As we get ready for a Thursday night game, a few notes followed by what to watch for:
– Regarding Nick Foles, this game is flashing a pretty strong “REGRESSION” sign. Each defense Foles has faced is ranked in the bottom third of the league for opposing QB Rating allowed. Cincinnati isn’t great (ranking 15th and allowing an average rating of 84.7) but is significantly better than Tampa Bay (allowing an average rating of 92.4). Don’t be surprised if Foles’ stat line looks much worse than last week.
– Barring a miraculous performance by the O-Line, Foles is going to face significant pressure and will take some hits tonight. The Bengals lead the league in both sacks per game (3.2) and sack percentage (8.27%). Tampa Bay averaged just 1.5 per game heading into last week and came away with 6.
– The Eagles DBs will face a stiff test with A.J. Green in town.
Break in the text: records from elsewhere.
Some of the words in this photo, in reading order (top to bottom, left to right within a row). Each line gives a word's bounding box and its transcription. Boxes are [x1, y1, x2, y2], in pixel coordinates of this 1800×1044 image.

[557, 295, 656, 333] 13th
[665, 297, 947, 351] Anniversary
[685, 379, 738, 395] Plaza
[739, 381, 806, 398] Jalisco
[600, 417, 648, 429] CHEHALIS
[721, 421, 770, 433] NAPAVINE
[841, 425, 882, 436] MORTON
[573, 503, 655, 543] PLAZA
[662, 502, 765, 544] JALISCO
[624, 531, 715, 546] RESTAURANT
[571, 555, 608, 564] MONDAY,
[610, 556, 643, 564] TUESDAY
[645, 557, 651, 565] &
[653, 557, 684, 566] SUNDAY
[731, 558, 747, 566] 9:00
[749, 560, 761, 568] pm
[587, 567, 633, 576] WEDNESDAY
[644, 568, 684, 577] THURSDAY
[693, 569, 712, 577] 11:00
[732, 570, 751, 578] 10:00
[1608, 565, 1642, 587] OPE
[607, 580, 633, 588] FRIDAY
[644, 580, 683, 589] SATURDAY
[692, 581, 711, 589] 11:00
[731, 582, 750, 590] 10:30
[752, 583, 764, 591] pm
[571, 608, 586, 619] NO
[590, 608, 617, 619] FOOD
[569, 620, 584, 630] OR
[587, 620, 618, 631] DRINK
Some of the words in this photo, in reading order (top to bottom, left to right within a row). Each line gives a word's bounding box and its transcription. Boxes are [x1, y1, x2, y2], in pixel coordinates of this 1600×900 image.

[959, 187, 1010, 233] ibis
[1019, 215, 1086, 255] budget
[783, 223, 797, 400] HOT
In my opinion, he and Calvin Johnson are the best WRs in the game right now. It will be interesting to see how the Eagles cover him (expect A LOT of double-teams). Look for the Eagles to do everything possible to prevent him from getting single coverage with a safety, as trusting Allen or Anderson 1-on-1 would likely be a disaster. Theoretically, this should open things up for other Bengals underneath, as zone coverage will be a gamble (at least on Green’s side). The Bengals should be able to use Green to pull coverage, opening up the space he vacates.
What to Watch For:
– Can Foles avoid a turnover? To date, he’s been pretty good at protecting the ball and not making high risk throws. However, in the face of the toughest defense he has seen (and with a short week to prepare) he’s going to be under more pressure than he’s accustomed to. If it’s tough to move the ball (as it should be), we’ll see if he starts pressing. Last week he did not.
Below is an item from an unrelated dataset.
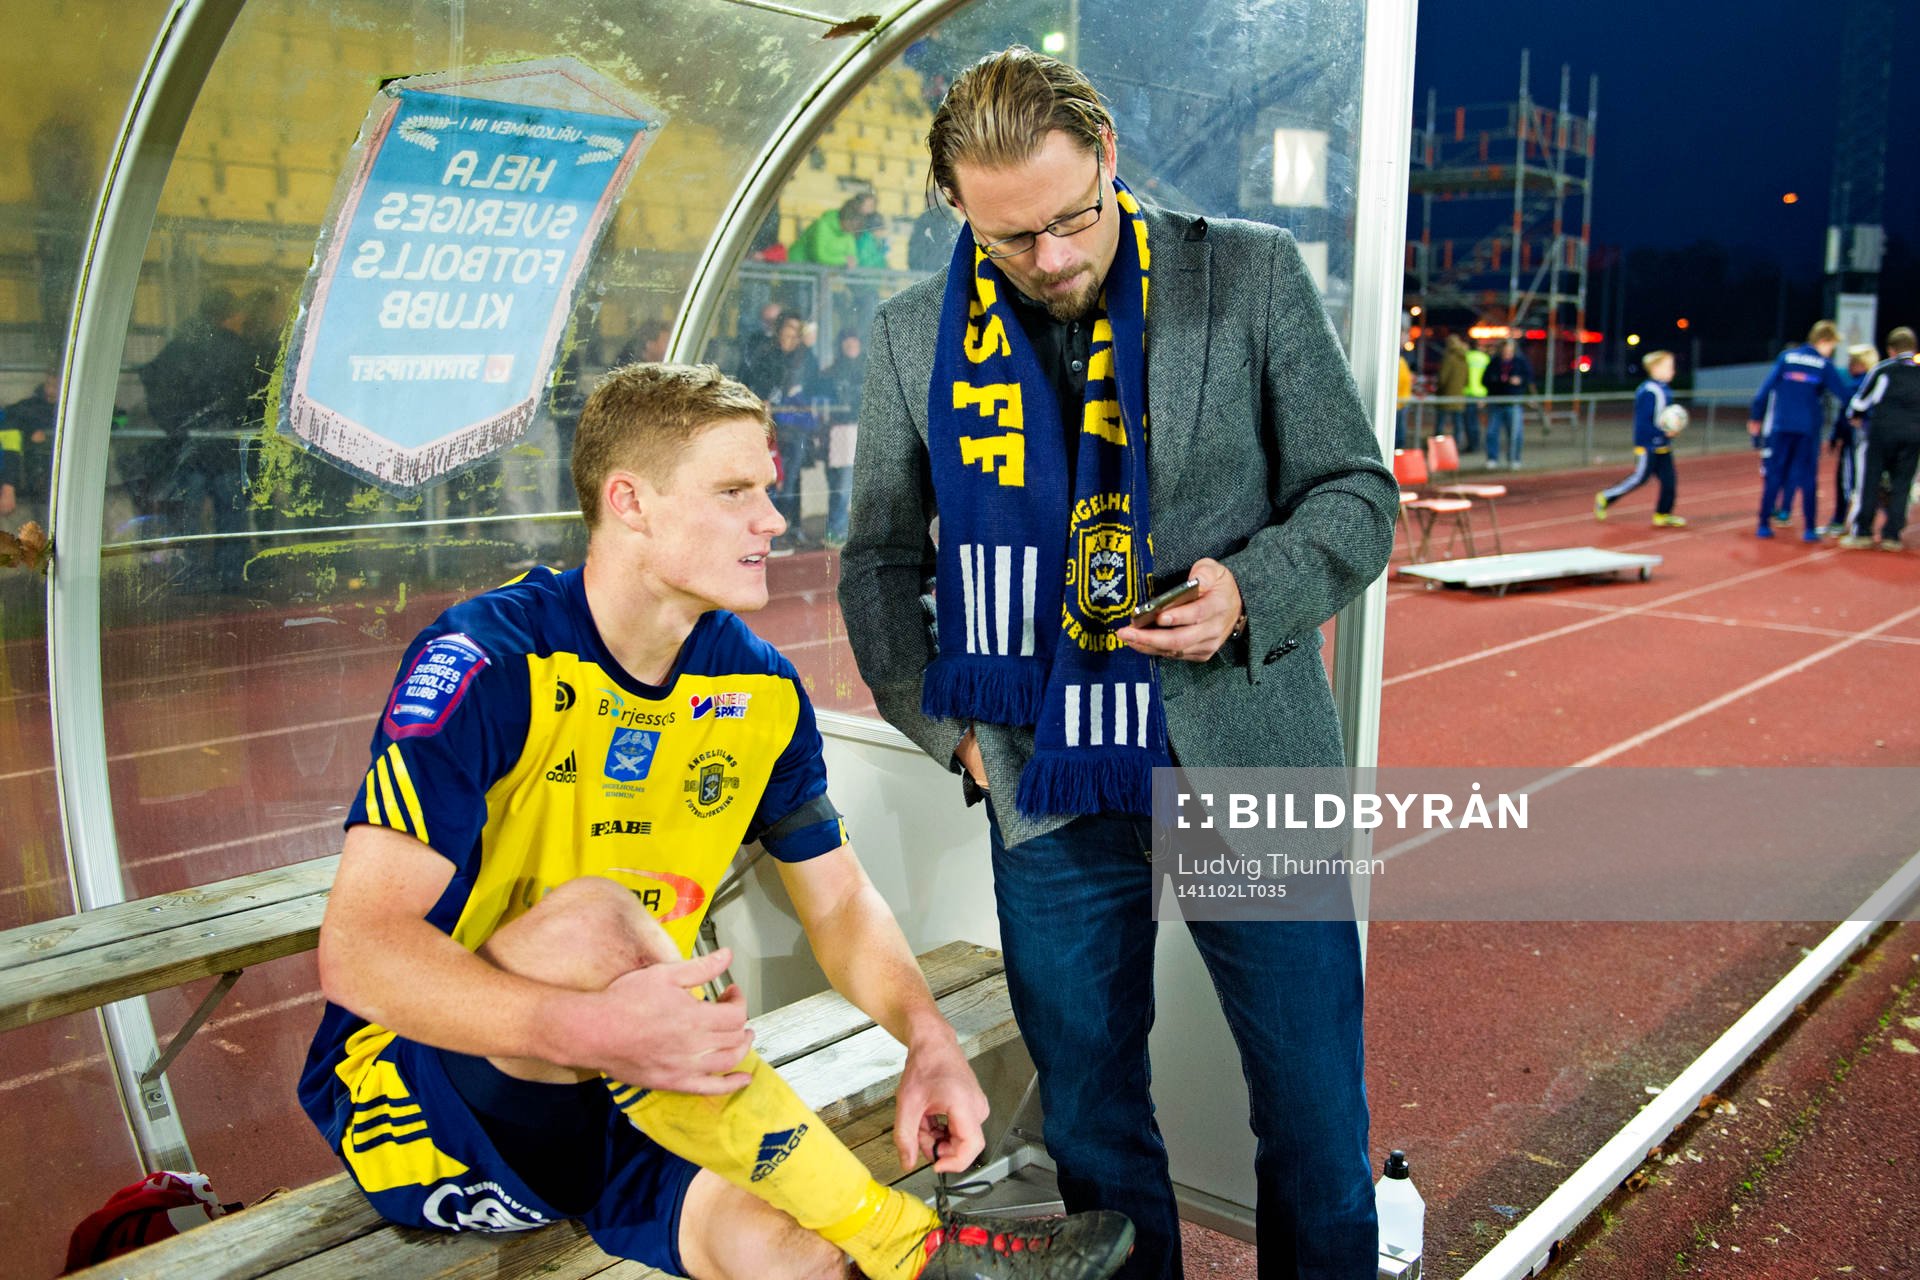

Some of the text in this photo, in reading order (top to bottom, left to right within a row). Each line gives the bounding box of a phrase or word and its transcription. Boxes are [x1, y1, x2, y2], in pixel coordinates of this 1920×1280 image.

As a reminder, forget Foles’ stat line. Watch for his ability to make progressions (watch his head when he drops back) and avoid high-risk throws. Also, still looking for an accurate deep ball…
– Short slants and RB-flats from the offense. I’m a little surprised they haven’t tried to hit Brown through the air a few more times (though perhaps he can’t catch), but they’ll need a variety of check-downs and hot routes to take advantage against the pass rush.
– Mychal Kendricks. Last game he was shifted to WLB and played perhaps his best game of the year (certainly his best since the first month of the season). On the weak-side, he can use his speed more effectively. Specifically, watch him in coverage (mostly RBs out of the backfield and TEs coming across the formation) , as that’ll be a major responsibility of his if they keep him on that side.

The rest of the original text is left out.